—Je sais que j’ai mérité votre haine... mais si vous compreniez ce que je souffre, vous me pardonneriez... Vous m’avez laissée à Paris, bien jeune... sans expérience... j’aurais dû mieux combattre, et pourtant j’ai usé toutes mes forces dans cette lutte... Vous voyez comme depuis un an je suis pâle et changée... J’ai vieilli de plusieurs années; enfin, je ne suis pas encore ce qu’on appelle une femme... perdue. Il a dû vous le dire...
—Sans doute, répondit Christian avec ironie; oh! vous avez là un loyal chevalier!
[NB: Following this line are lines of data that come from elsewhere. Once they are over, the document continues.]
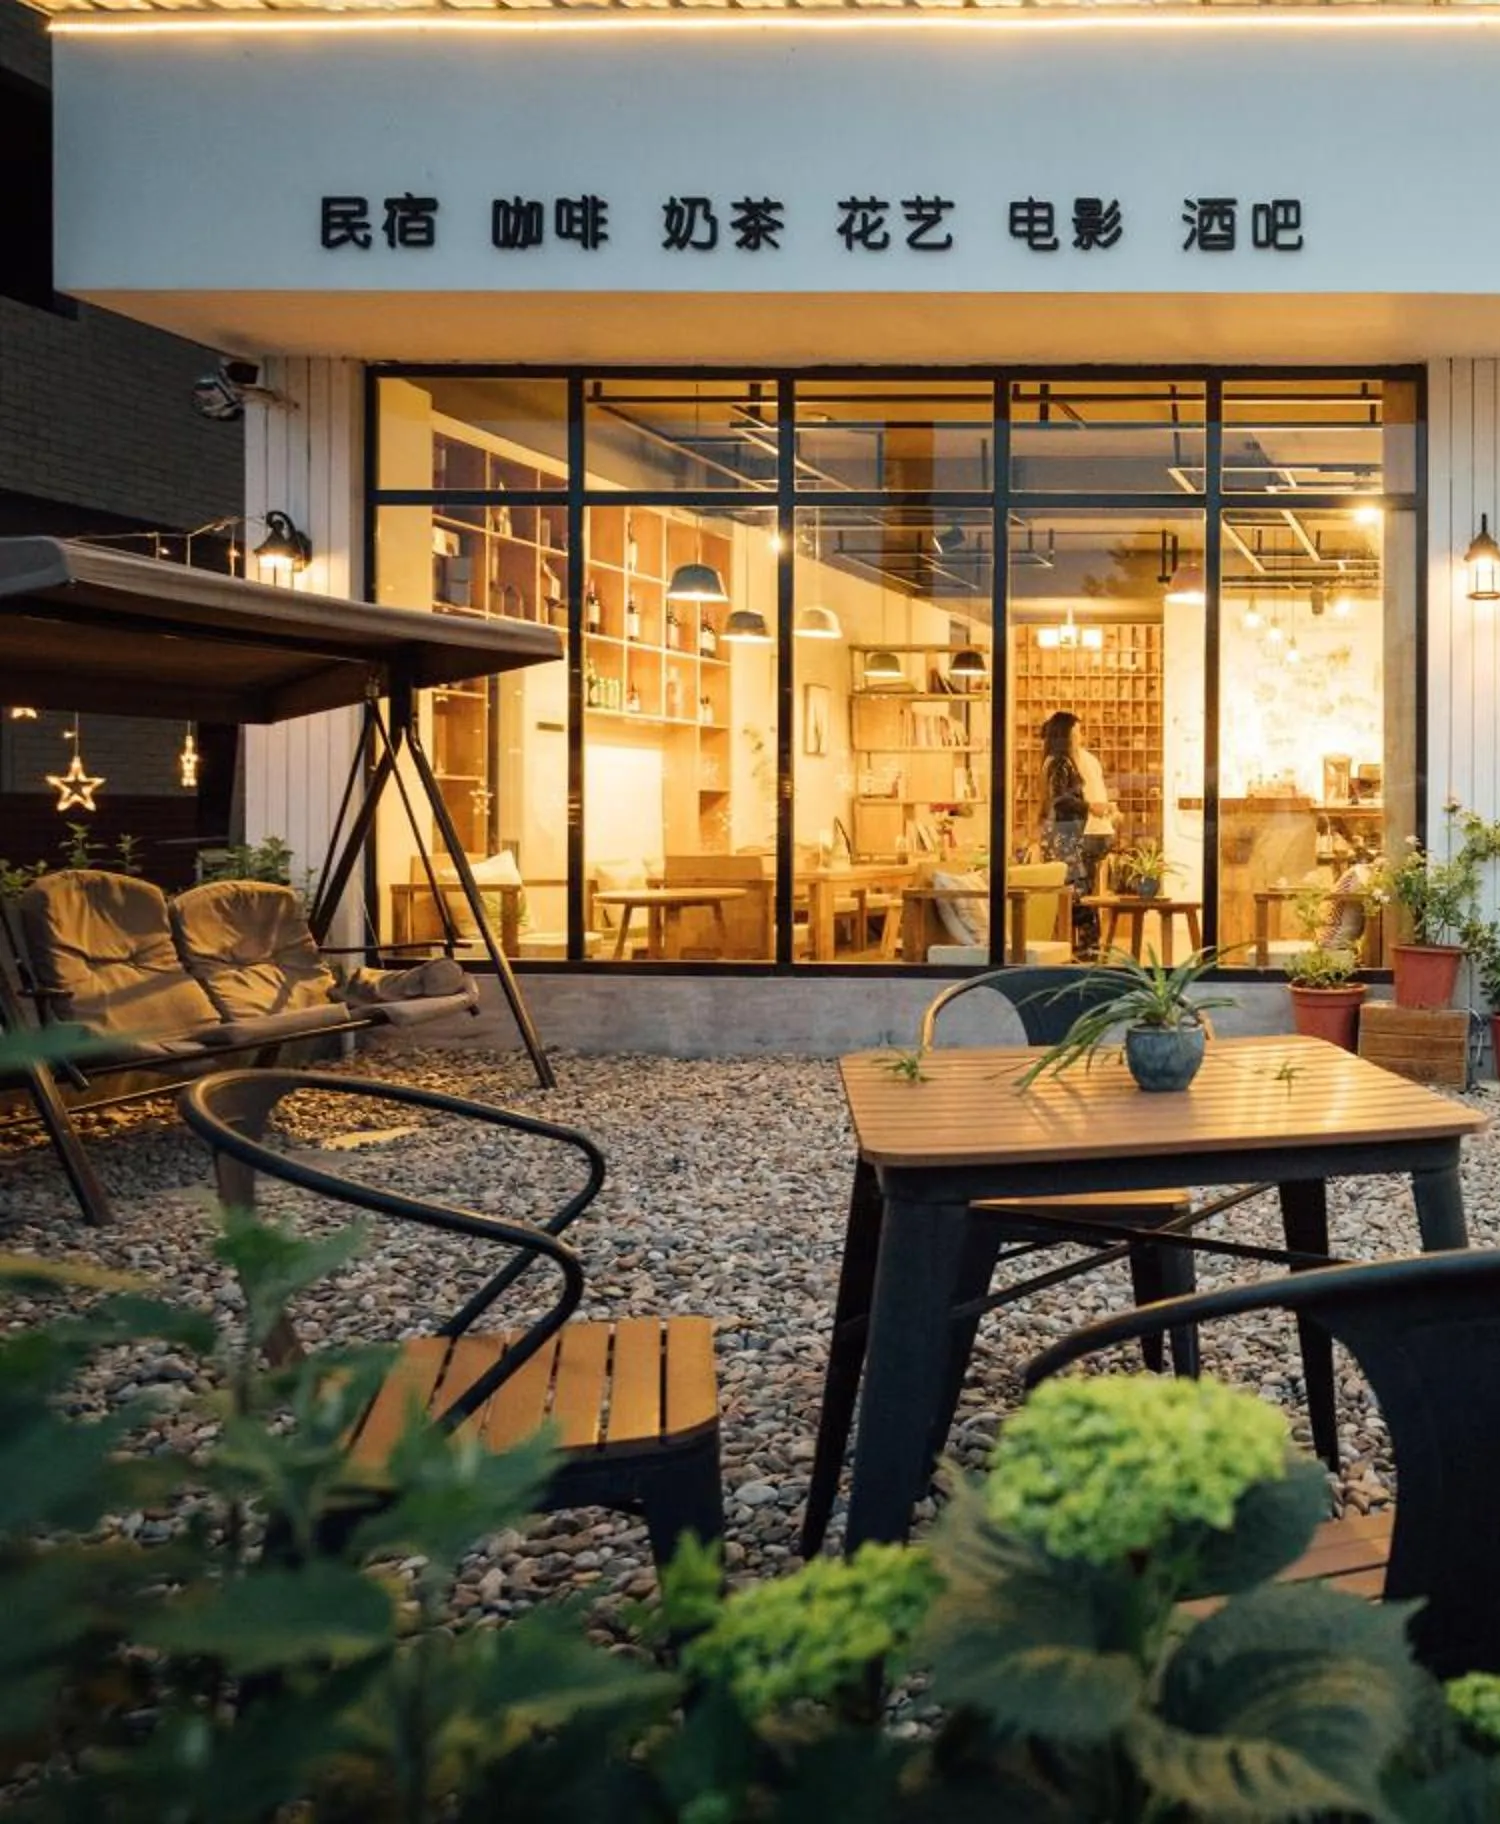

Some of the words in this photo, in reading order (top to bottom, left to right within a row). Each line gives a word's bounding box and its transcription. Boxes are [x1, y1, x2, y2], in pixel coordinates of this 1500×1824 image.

[320, 192, 439, 251] 民宿
[491, 195, 609, 251] 咖啡
[662, 196, 784, 252] 奶茶
[837, 196, 954, 251] 花艺
[1009, 197, 1123, 252] 电影
[1182, 198, 1303, 251] 酒吧
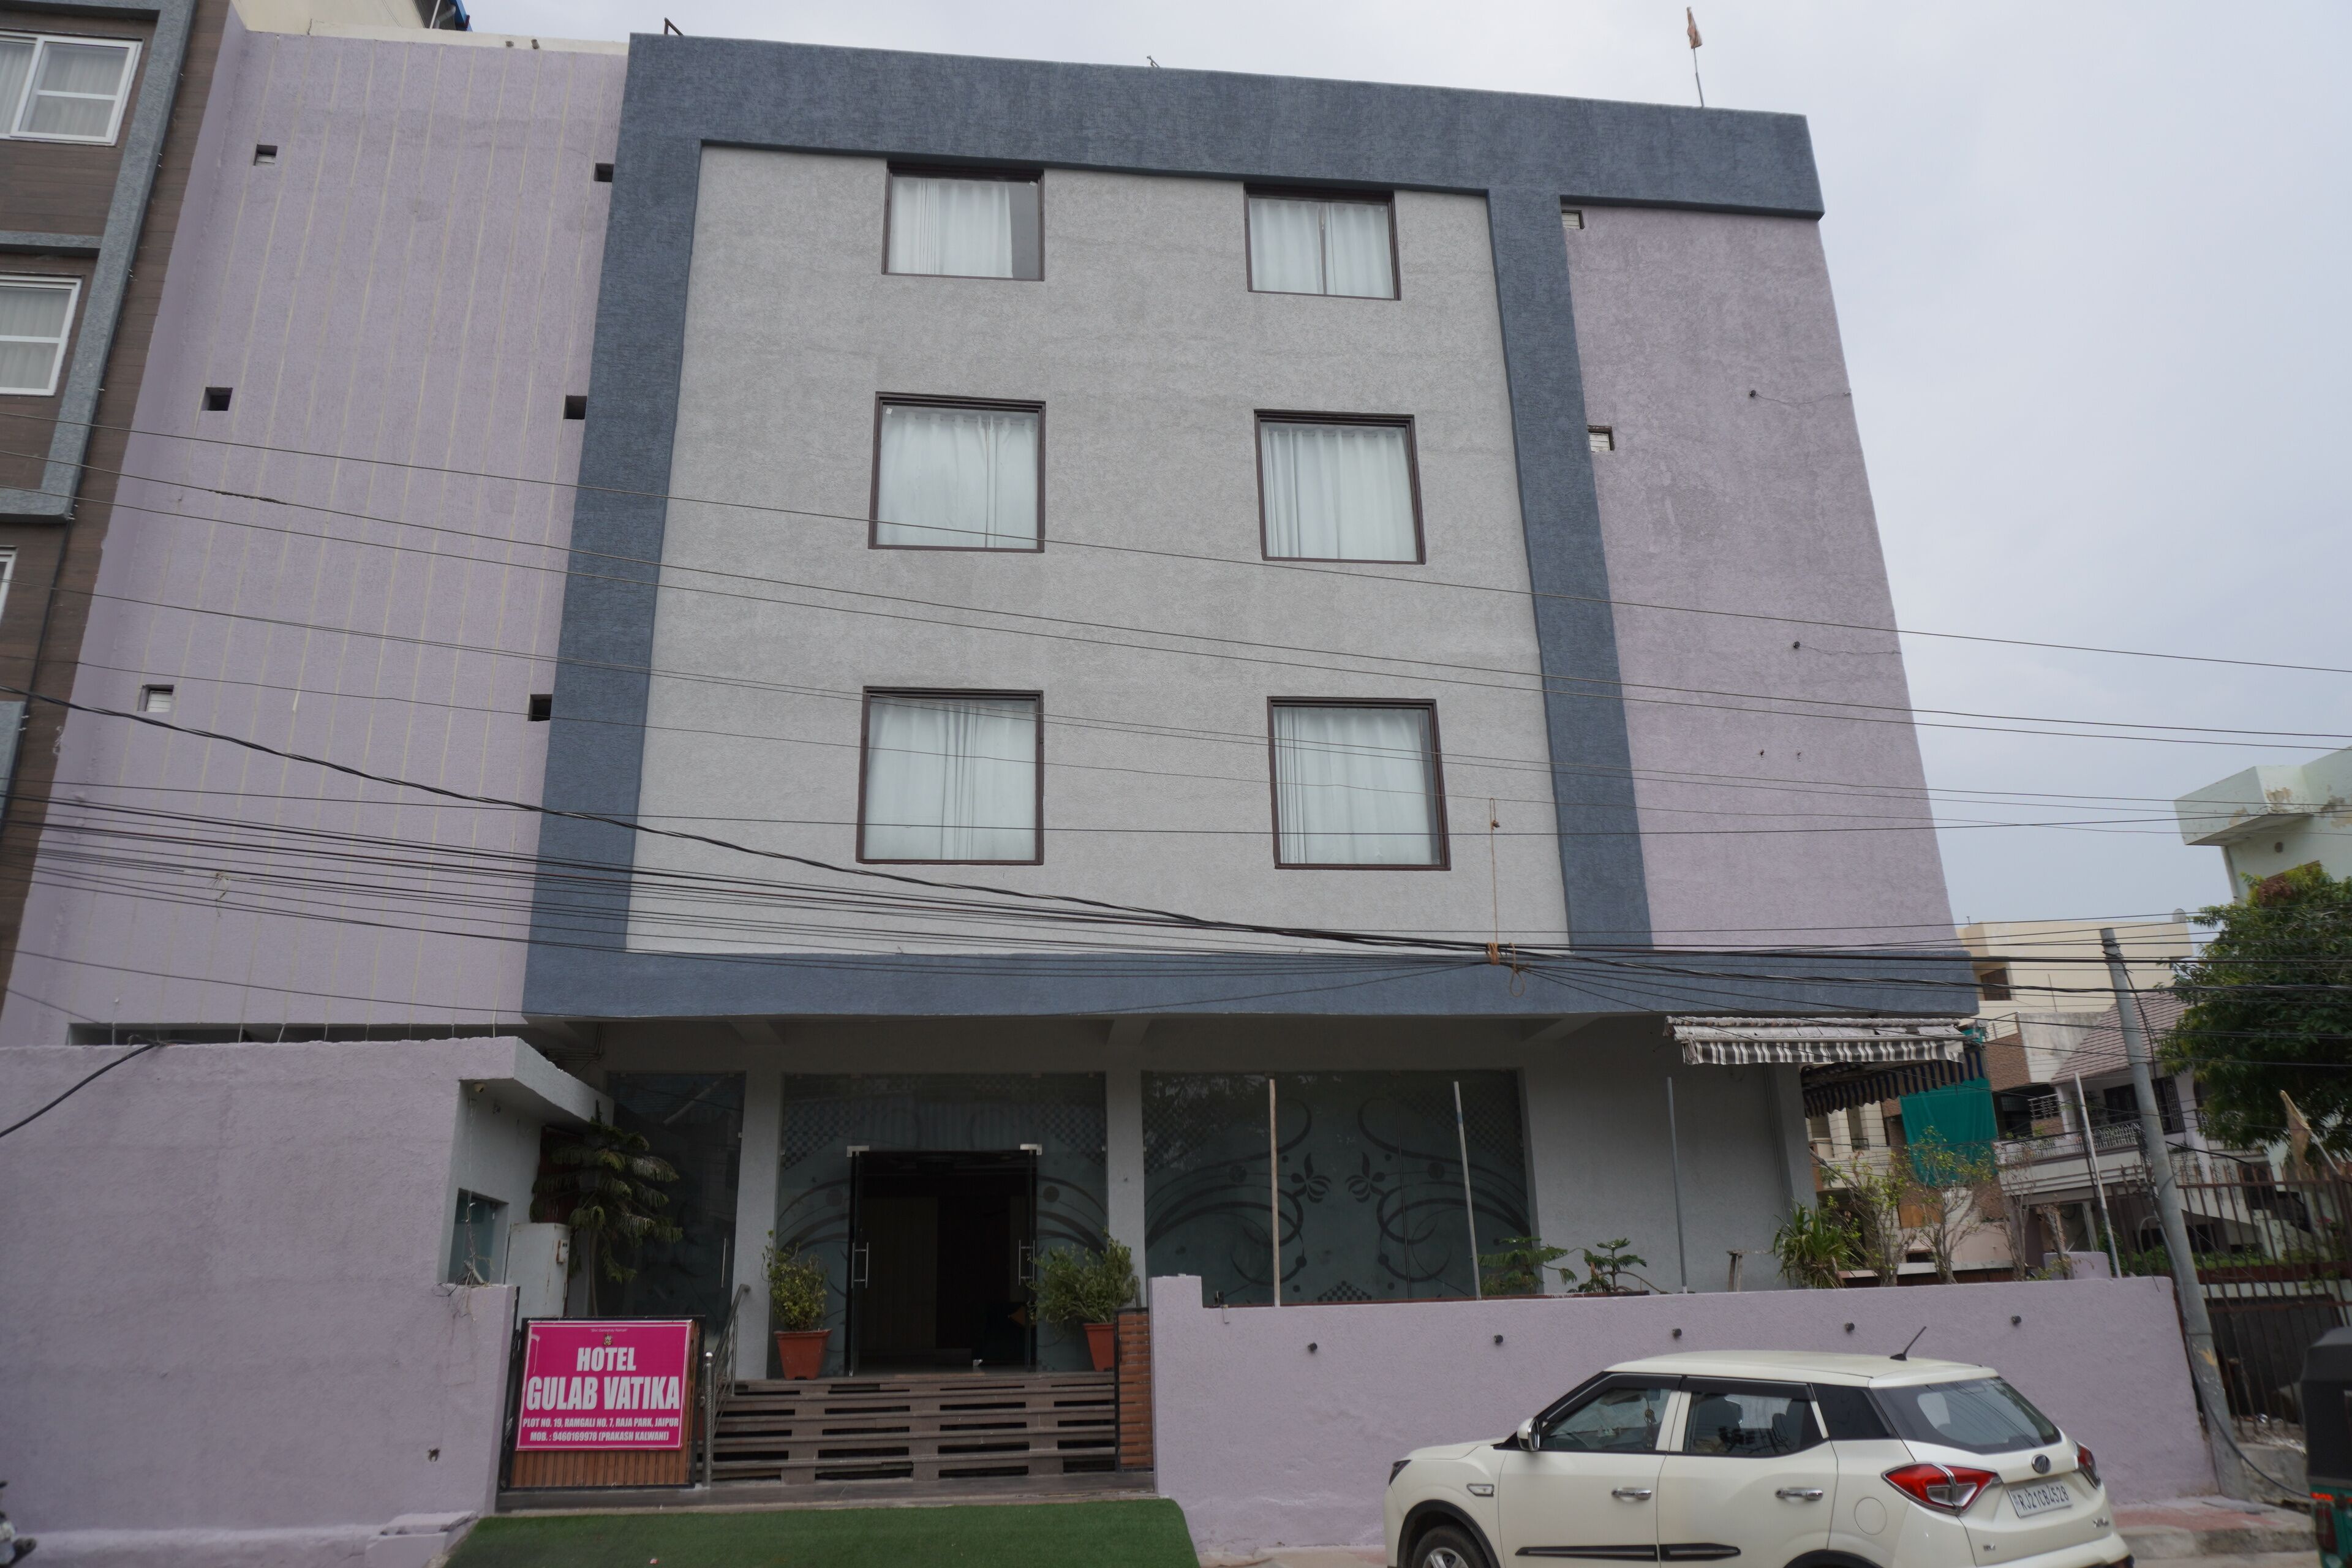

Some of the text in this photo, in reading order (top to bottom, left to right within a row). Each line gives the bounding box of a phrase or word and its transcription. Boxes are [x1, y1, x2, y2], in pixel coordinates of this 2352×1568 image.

—Vous ne me croyez pas! vous ne me croyez pas! reprit-elle en tordant ses mains de désespoir; mais lisez ces lettres... les dernières. Voyez si c’est ainsi qu’on écrit à une femme entièrement coupable.
Elle voulut prendre le paquet que tenait son mari; au lieu de le lui donner, celui-ci l’approcha d’une bougie et le jeta tout enflammé dans la cheminée. Clémence poussa un cri et se précipita pour le reprendre, mais le bras de fer de Christian la saisit par le milieu du corps et la retint sur son fauteuil.
—Je comprends que vous teniez à cette correspondance, dit-il d’un ton moins calme qu’il ne l’avait été jusqu’alors; mais vous êtes plus tendre que prudente. Laissez-moi détruire un témoignage qui vous accuse. Savez-vous que j’ai déjà tué un homme à cause de ces lettres?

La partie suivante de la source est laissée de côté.